Later, she figured out how the gate opens (PLoS Biology, 2009). Looking down on the pore, the four petal-like domains that create the channel open like a flower bud blooming.

In 2010, Samso moved to VCU. Her new lab had a new electron microscope across the hall for high resolution single particle imaging.

Two views of the ryanodine receptor, a large calcium channel with many pieces acting together to control the ion gate: The CryoEM-derived atomic model, with FKBP in black (top), and artistic interpretation, with FKBP in the Mercedes-logo-shaped pieces (bottom). Image credit: Courtesy: M.Samso

Then Samso’s team found how FKBP, a tiny domain in the notch between petals, normally works to stabilize and better coordinate the domains in the petal, allowing the channel to close completely.

“Opening isn’t the problem,” she says. “To close, the petals go up to keep the center closed. If FKBP is not there, it’s droopy.”

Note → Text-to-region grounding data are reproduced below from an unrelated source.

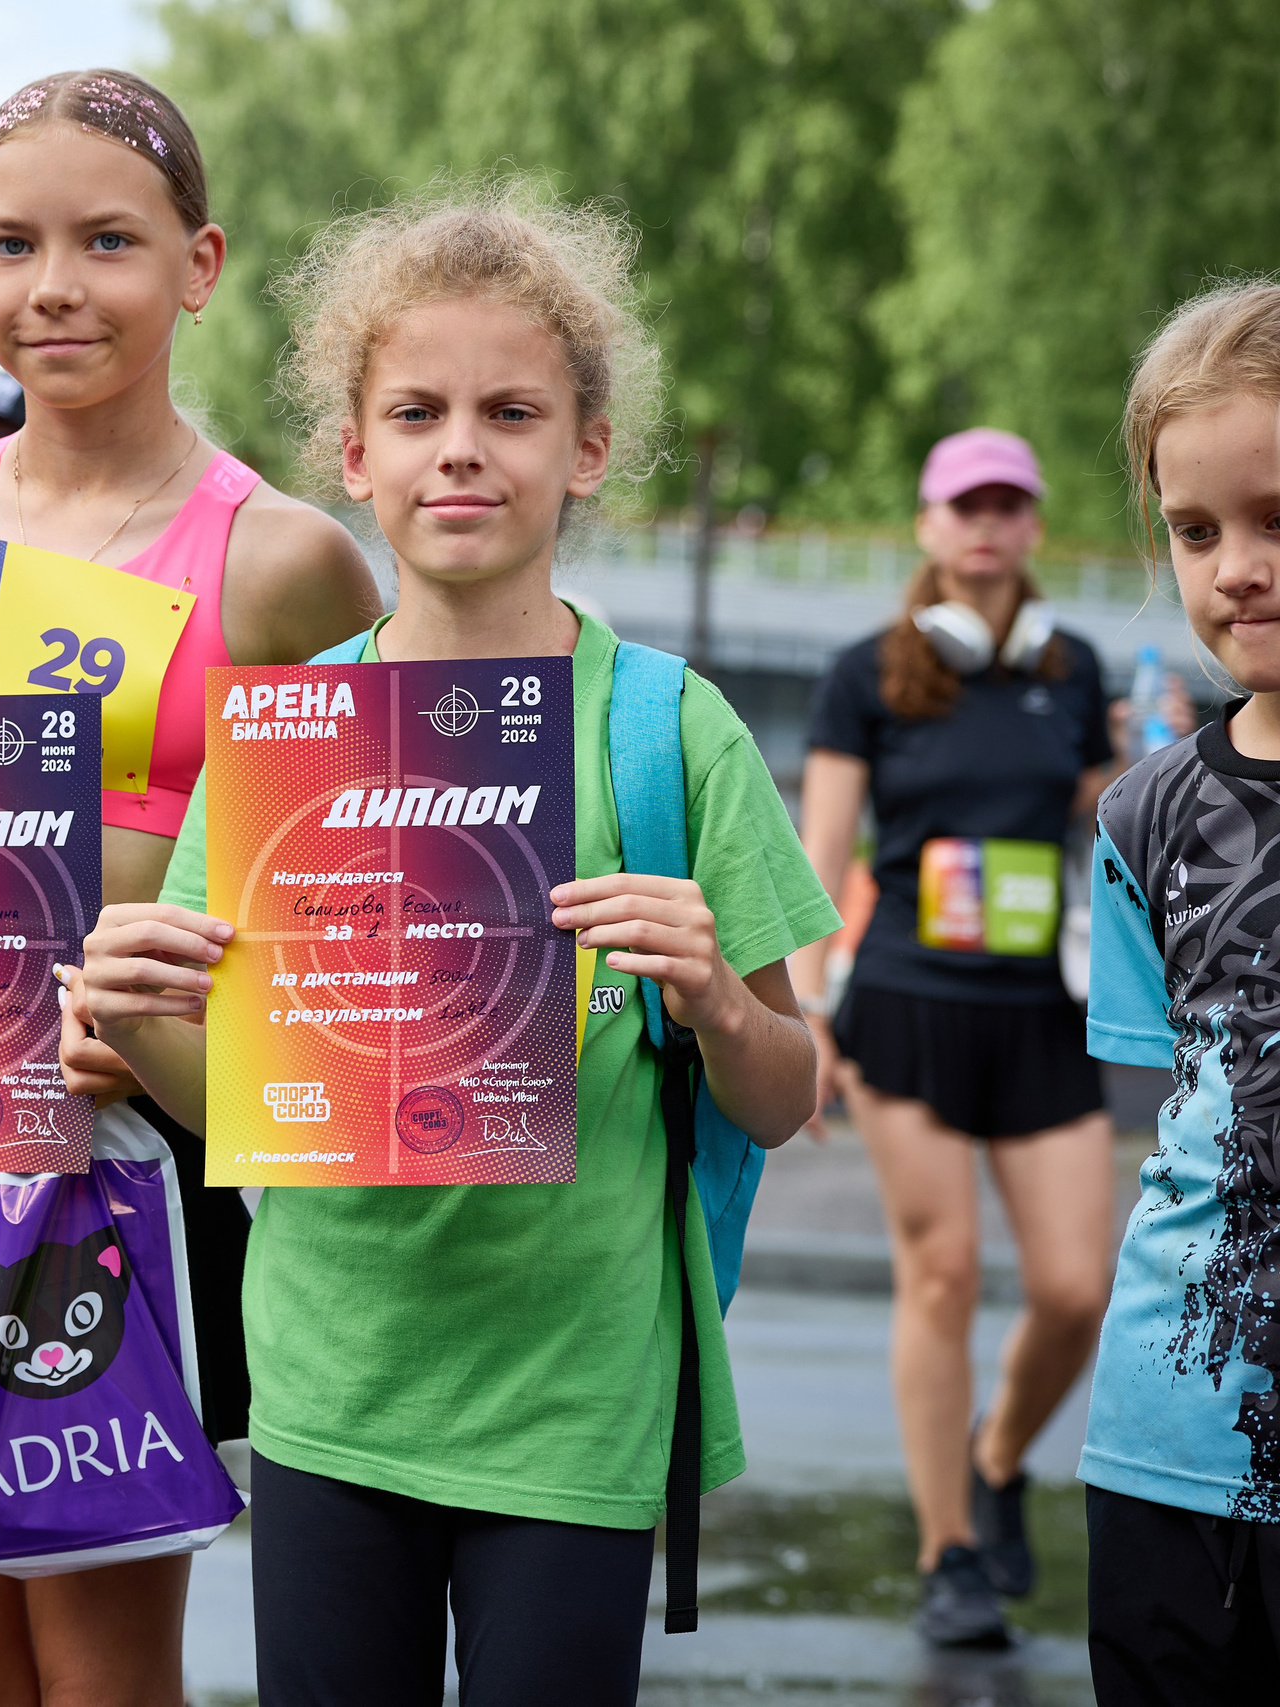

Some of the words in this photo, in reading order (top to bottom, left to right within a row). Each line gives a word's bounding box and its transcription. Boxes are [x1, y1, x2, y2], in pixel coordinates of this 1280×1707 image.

[27, 628, 126, 698] 29
[500, 676, 542, 707] 28
[222, 682, 356, 720] АРЕНА
[41, 710, 76, 739] 28
[231, 720, 338, 741] БИАТЛОНА
[501, 729, 537, 743] 2026
[41, 759, 71, 772] 2026
[321, 785, 542, 828] ДИПЛОМ
[272, 871, 404, 888] Награждается
[323, 924, 353, 941] за
[367, 921, 380, 938] 1
[405, 923, 484, 939] место
[271, 974, 297, 987] на
[301, 971, 419, 988] дистанции
[270, 1010, 281, 1023] с
[285, 1007, 424, 1026] результатом
[481, 1060, 529, 1075] Директор
[1, 1074, 19, 1085] АНО
[458, 1076, 480, 1087] АНО
[482, 1076, 520, 1091] «Спорт
[521, 1076, 554, 1088] Союз»
[11, 1089, 42, 1099] Шевель
[43, 1089, 66, 1100] Иван
[267, 1086, 319, 1102] СПОРТ
[473, 1091, 510, 1103] Шевель
[512, 1091, 539, 1103] Иван
[277, 1102, 327, 1118] СОЮЗ
[412, 1111, 441, 1122] СПОРТ
[423, 1119, 447, 1129] СОЮЗ
[235, 1152, 246, 1163] г.
[250, 1150, 356, 1165] Новосибирск

The group is following up with structures that contain human mutations to observe the altered structure and how this may affect gating. In one mutation in RyR that can cause malignant hyperthermia, the channel petals are droopy, not quite closing, changing the probability of opening and sensitivity to calcium. (Science Advances, 2020).

Samso’s team has teased out finer details of ryanodine domains with the increasing high-resolution close-ups possible with super microscopes. In another project, she is pulling back with a wider-angle lower resolution view to pick up more adjacent cellular structural information using averaging methods.

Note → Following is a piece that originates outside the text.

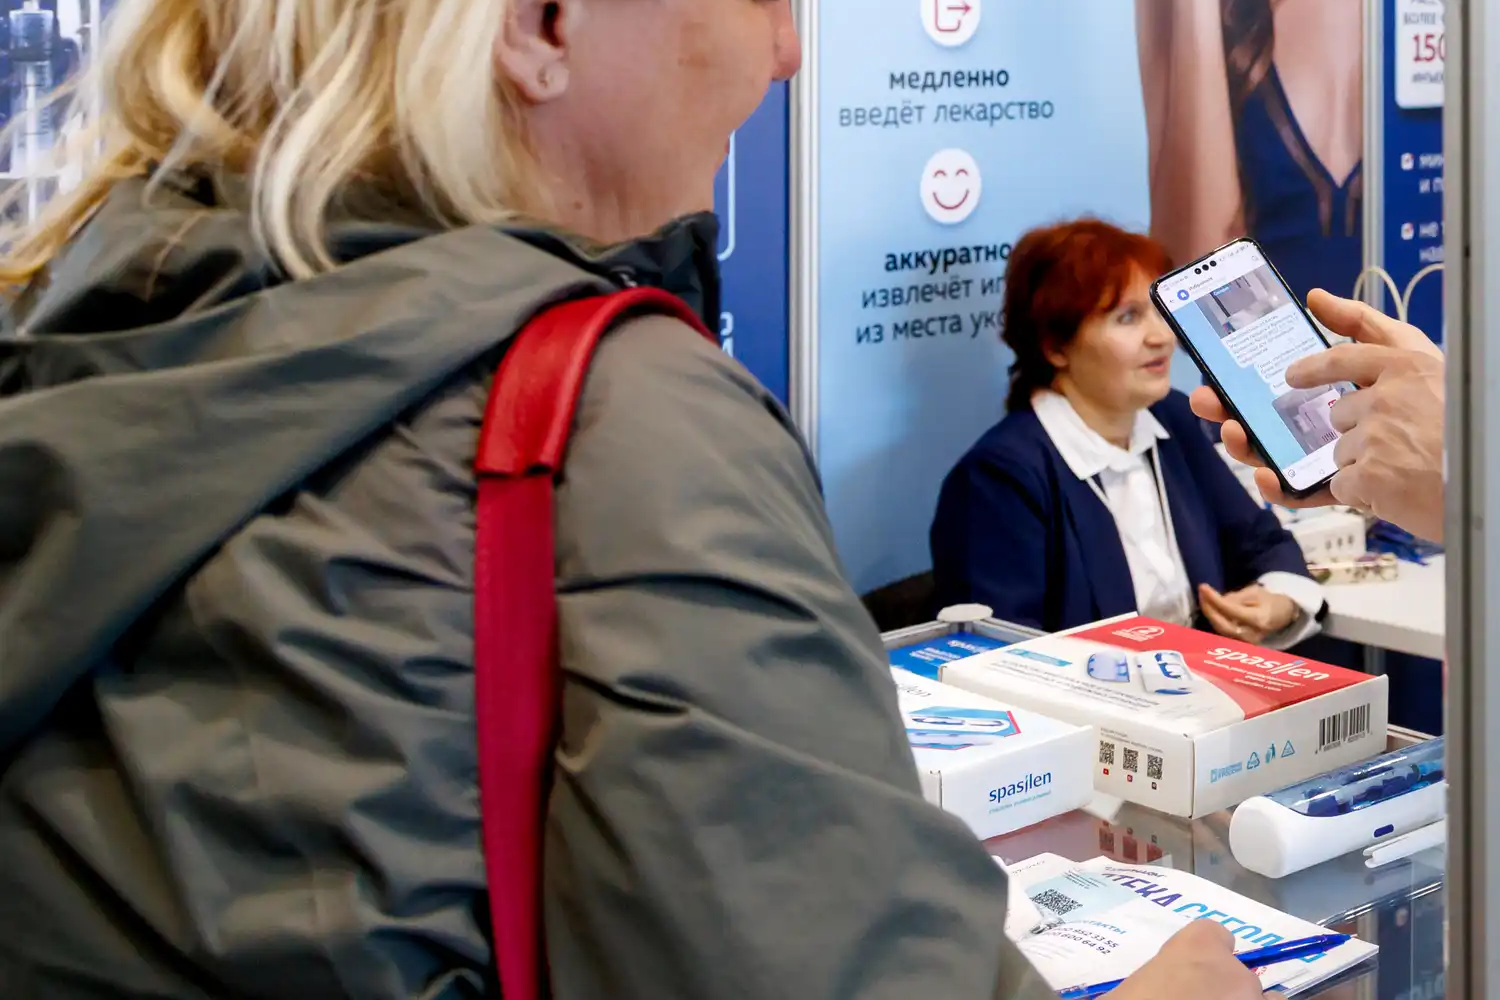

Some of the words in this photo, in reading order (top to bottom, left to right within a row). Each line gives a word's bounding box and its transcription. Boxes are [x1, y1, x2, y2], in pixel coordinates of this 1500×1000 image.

She is collaborating with a cardiologist on a model of cardiac arrythmia based on patient observation. She’s also working with departmental colleagues who do live cell imaging. The combined data and images will help put the ryanodine receptor in the context of the entire muscle.

In the model, a pacemaker is used to reproduce the arrhythmia phenotype. A mutation in the ryanodine channel can cause arrhythmia in people, but there may be a two-way cause and effect. The arrhythmia may be causing secondary problems that cannot be fixed by correcting the irregular rhythm. Samso and her colleagues have observed that the arrhythmia can alter the cellular structure surrounding the ryanodine receptor channel.

“It’s like a leak in the basement, and then you get mold,” she says. “You can fix the leak, but that doesn’t help clean up the mold.” The team wants to learn how to correct the problems the arrhythmia created.

“We know the macro problem,” she says. “We don’t know the consequences beyond the arrhythmia. The calcium reservoir has to be full to release correctly. What happens if the channel opens too soon? There’s less calcium, and it may make the heart beat a bit weaker. Or, depending on the timing, it could be too full, release too much, and create a beat out of time.”

Out of the lab, Samso enjoys the freedom her own ryanodine receptors provide, hiking and kayaking in the Adirondacks, trekking in the Himalayas, and paddling on multi-day trips in Wales and Scotland. And she returns to Catalonia to hike the Pyrenees and visit family living near her mountain namesake.